2 days to #THEWUR. Fact: Thomson Reuters involved more than 100 staff members in its global profiles project, which fuels the rankings

The incorporation of Thomson Reuters into the rankings games by Times Higher Education was a strategically smart move for this media company for it arguably (a) enhances their capacity (in principle) to improve ranking methodology and implementation, and (b) improves the respect the ranking exercise is likely to get in many quarters. Thomson Reuters is, thus, an analytical-cum-legitimacy vehicle of sorts.

What does this mean regarding the 2010 THE World University Rankings outcome?  Well, regardless of your views on the uses and abuses of rankings, this Thomson Reuters-backed outcome will generate more versus less attention from the media, ministries of education, and universities themselves.  And if the outcome generates any surprises, it will make it a harder job for some university leaders to provide an explanation as to why their universities have fallen down the rankings ladder.  In other words, the data will be perceived to be more reliable, and the methodology more rigorously framed and implemented, even if methodological problems continue to exist.

Yet, this is a new partnership, and a new methodology, and it should therefore be counted as YEAR 1 of the THE World University Rankings.

As the logo above makes it very clear, this is a powered (up) outcome, with power at play on more levels than one: welcome to a new ‘roll-out’ phase in the construction of what could be deemed a global ‘audit culture’.

Kris Olds

A case for free, open and timely access to world university rankings data

Well, the 2010 QS World University Rankings® were released last week and the results are continuing to generate considerable attention in the world’s media (link here for a pre-programmed Google news search of coverage).

For a range of reasons, news that QS placed Cambridge in the No. 1 spot, above Harvard, spurred on much of this media coverage (see, for example, these stories in Time, the Christian Science Monitor, and Al Jazeera). As Al Jazeera put it: “Did the Earth’s axis shift? Almost: Cambridge has nudged Harvard out of the number one spot on one major ranking system.”

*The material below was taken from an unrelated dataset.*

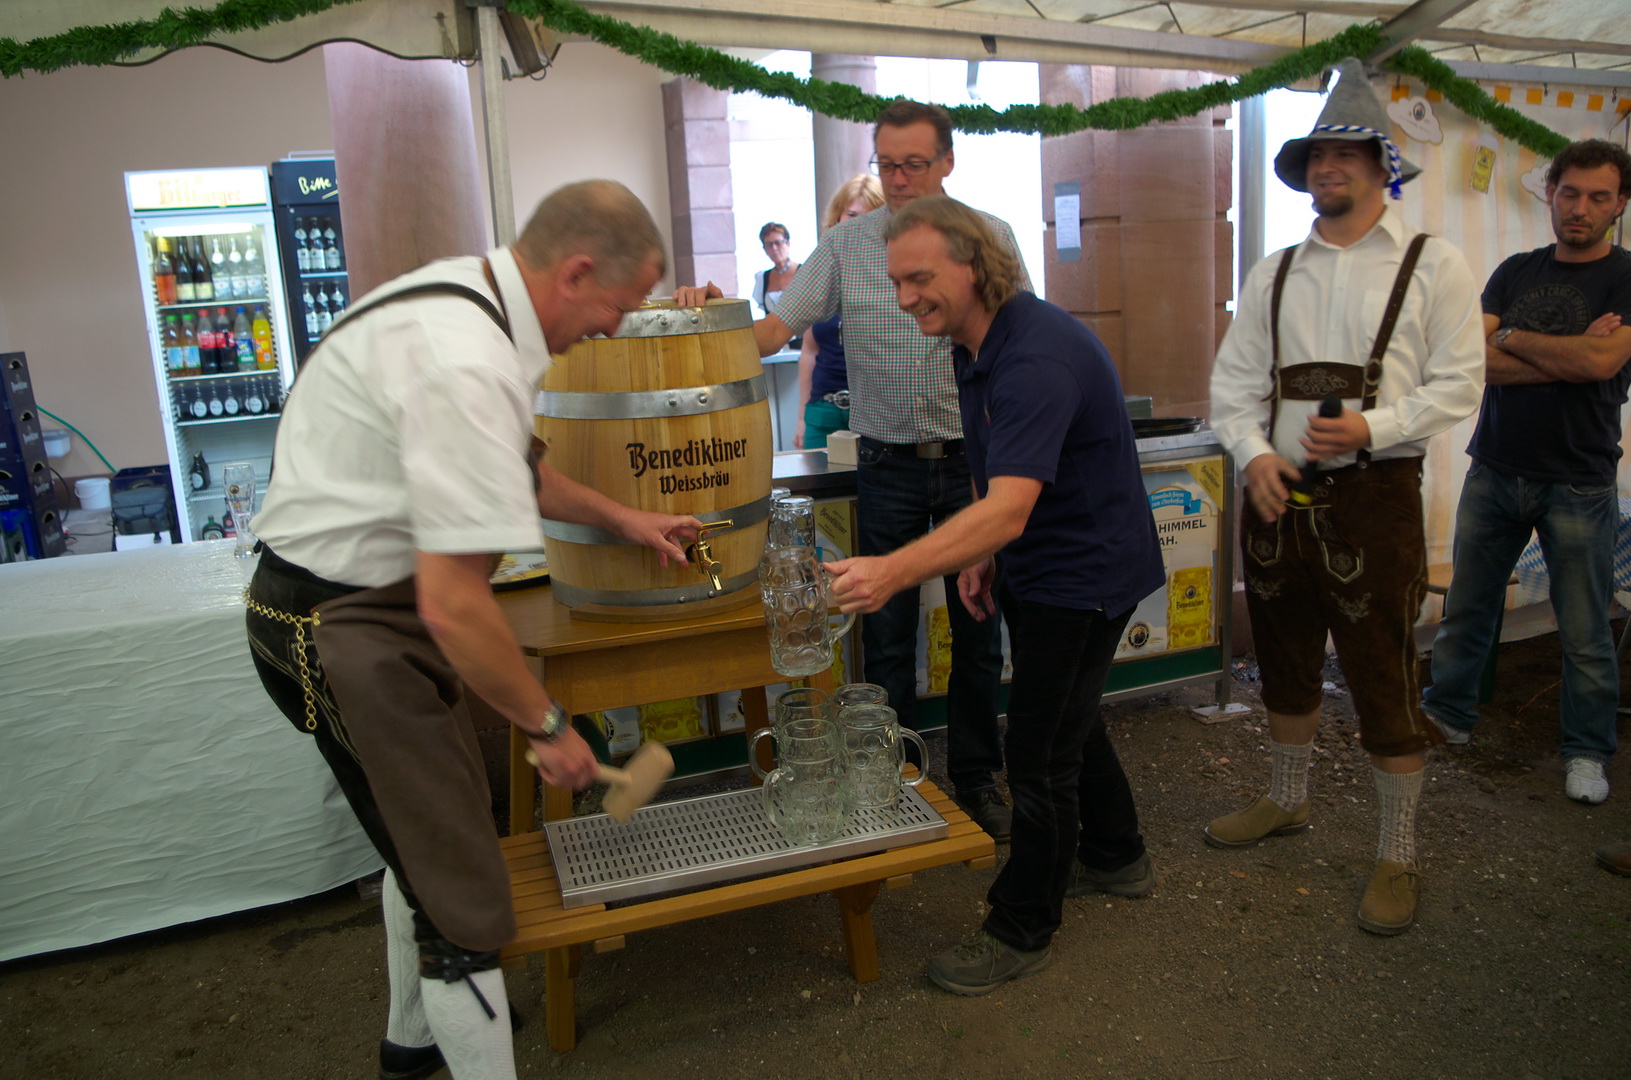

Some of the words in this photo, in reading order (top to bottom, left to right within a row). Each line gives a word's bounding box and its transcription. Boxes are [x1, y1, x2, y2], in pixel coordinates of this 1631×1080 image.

[298, 176, 333, 195] Bitte
[625, 437, 748, 478] Benediktiner
[658, 471, 730, 496] Weissbräu
[1158, 518, 1207, 534] HIMMEL

Interest in the Cambridge over Harvard outcome led QS (which stands for QS Quacquarelli Symonds Ltd) to release this story (‘2010 QS World University Rankings® – Cambridge strikes back’). Do note, however, that Harvard scored 99.18/100 while QS gave Cambridge 100/100 (hence the 1/2 placing). For non-rankings watchers, Harvard had been pegged as No 1 for the previous five years in rankings that QS published in association with Times Higher Education.

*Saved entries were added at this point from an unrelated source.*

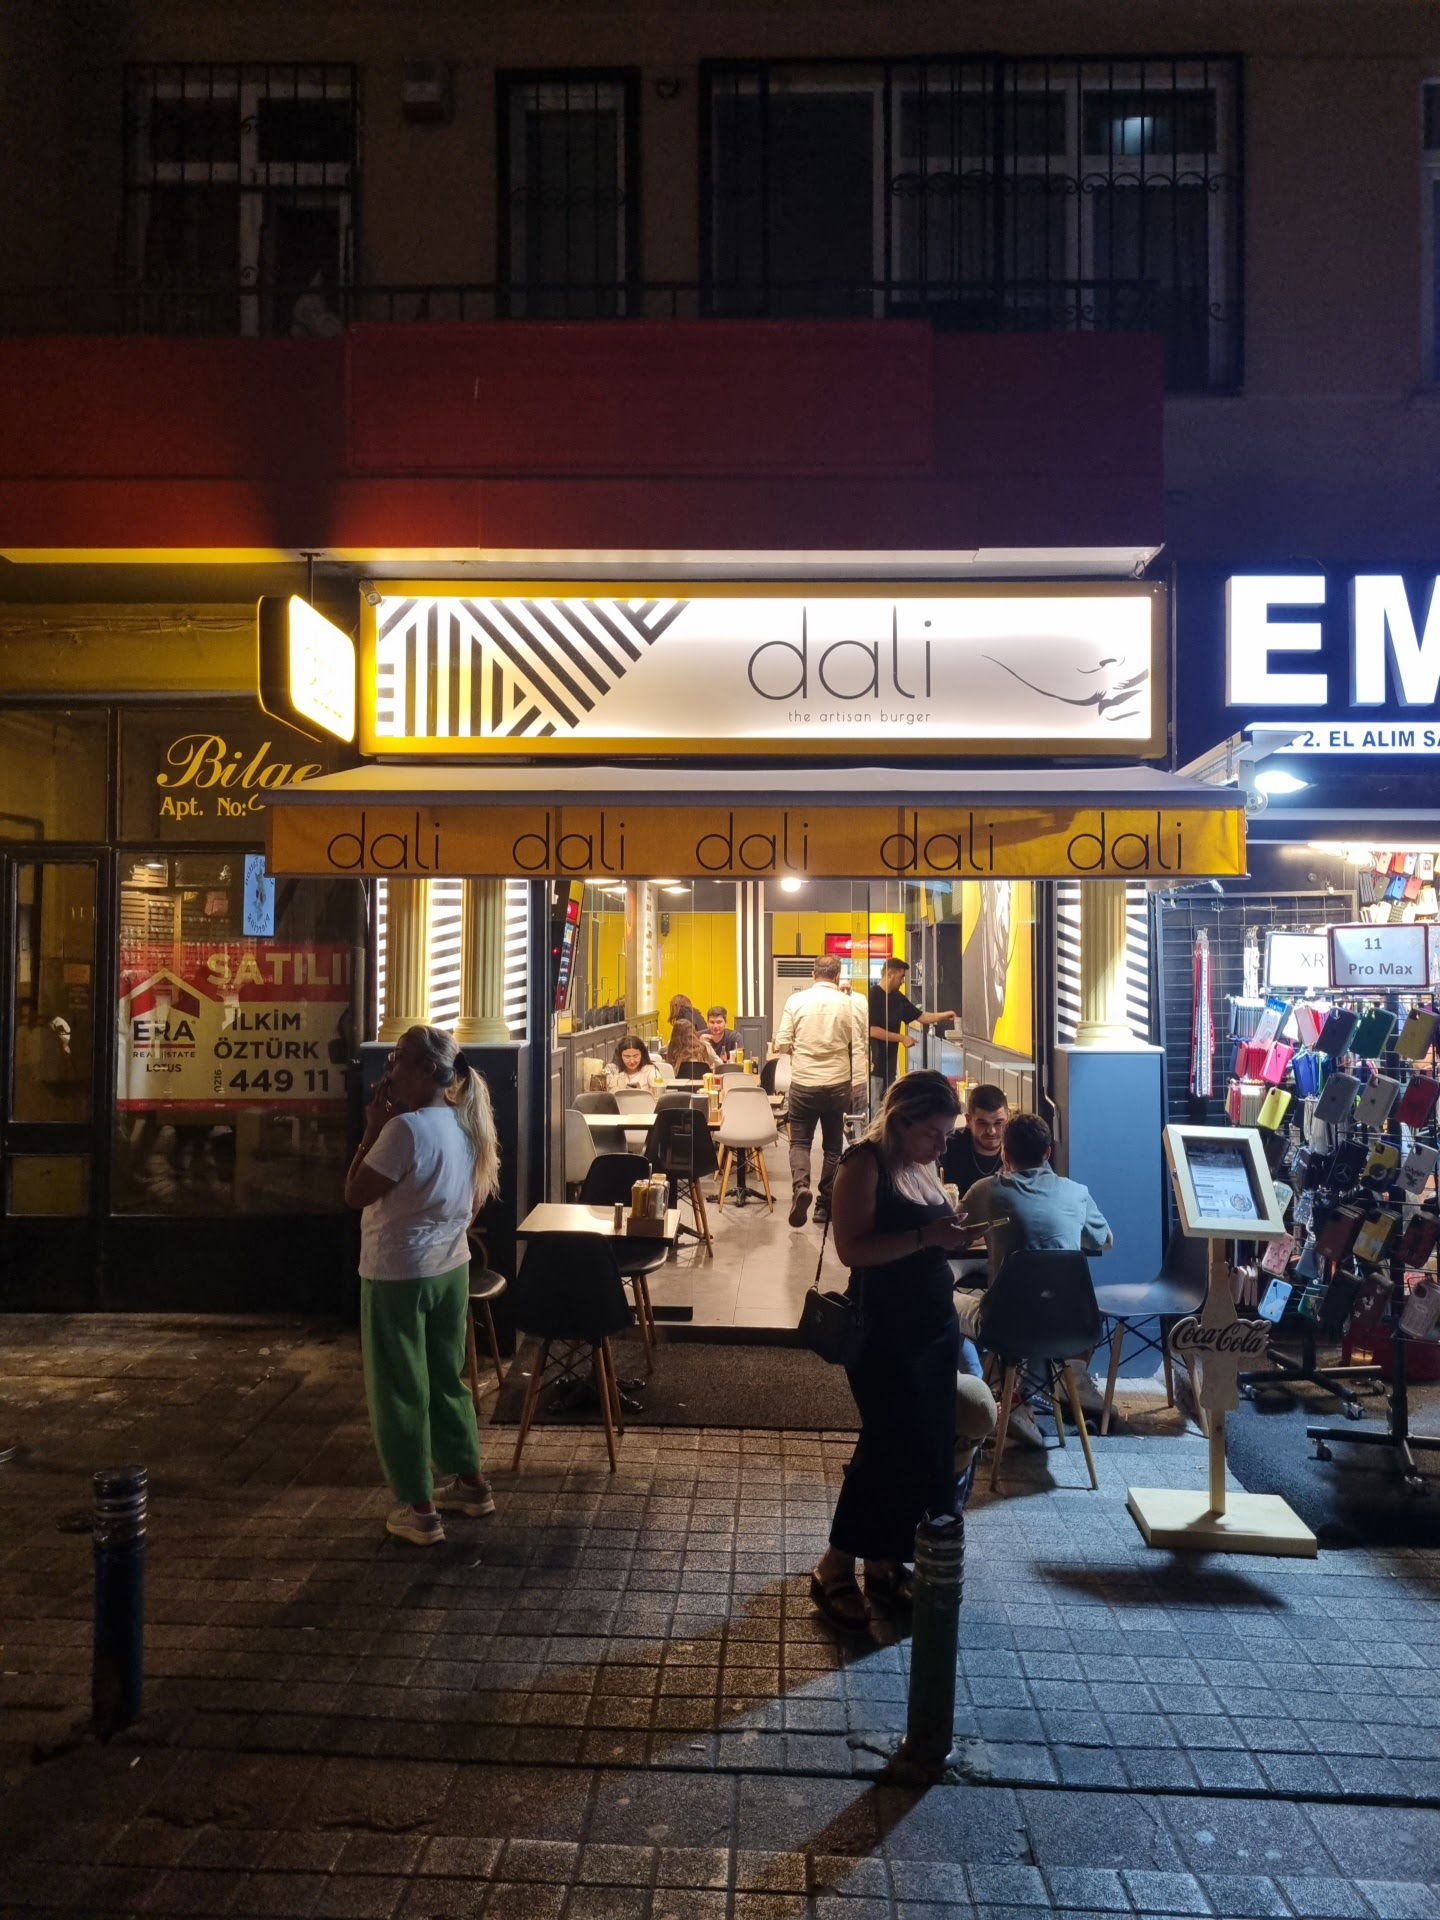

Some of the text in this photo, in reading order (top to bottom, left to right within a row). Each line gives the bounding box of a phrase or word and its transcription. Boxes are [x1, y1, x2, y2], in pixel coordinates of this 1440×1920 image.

[1226, 574, 1440, 707] EM
[748, 605, 932, 700] dali
[788, 710, 931, 725] the artisan burger
[1303, 731, 1320, 747] 2.
[1329, 731, 1354, 747] EL
[1362, 731, 1415, 747] ALIM
[1423, 730, 1440, 747] S
[159, 796, 204, 821] Apt.
[327, 811, 1182, 870] dali dali dali dali dali
[1364, 937, 1383, 950] 11
[1300, 953, 1325, 967] XR
[1348, 963, 1413, 975] Pro Max
[213, 1037, 320, 1060] ÖZTÜRK
[229, 1069, 294, 1093] 449
[1172, 1319, 1269, 1353] Coca-Cola

As the QS story notes, the economic crisis in the US, as well as the reduction of other US universities with respect to their share of “international faculty,” was the main cause of Harvard’s slide:

In the US, cost-cutting reductions in academic staff hire are reflected among many of the leading universities in this year’s rankings. Yale also dropped 19 places for international faculty, Chicago dropped 8, Caltech dropped 20, and UPenn dropped 53 places in this measure. However, despite these issues the US retains its dominance at the top of the table, with 20 of the top 50 and 31 of the top 100 universities in the overall table.

Facts like these aside, what we would like to highlight is that all of this information gathering and dissemination — both the back-end (pre-ranking) provision of the data, and the front end (post-ranking) acquisition of the data — focuses the majority of costs on the universities and the majority of benefits on the rankers.

The first cost to universities is the provision of the data. As one of us noted in a recent entry (‘Bibliometrics, global rankings, and transparency‘):

Data demands are becoming very resource consuming for universities. For example, the QS template currently being dealt with by universities around the world shows 14 main categories with sub-categories for each: all together there are 60 data fields, of which 10 are critical to the QS ranking exercise, to be launched in October 2010. Path dependency dynamics clearly exist for once the pipelines are laid the complexity of data requests can be gradually ramped up.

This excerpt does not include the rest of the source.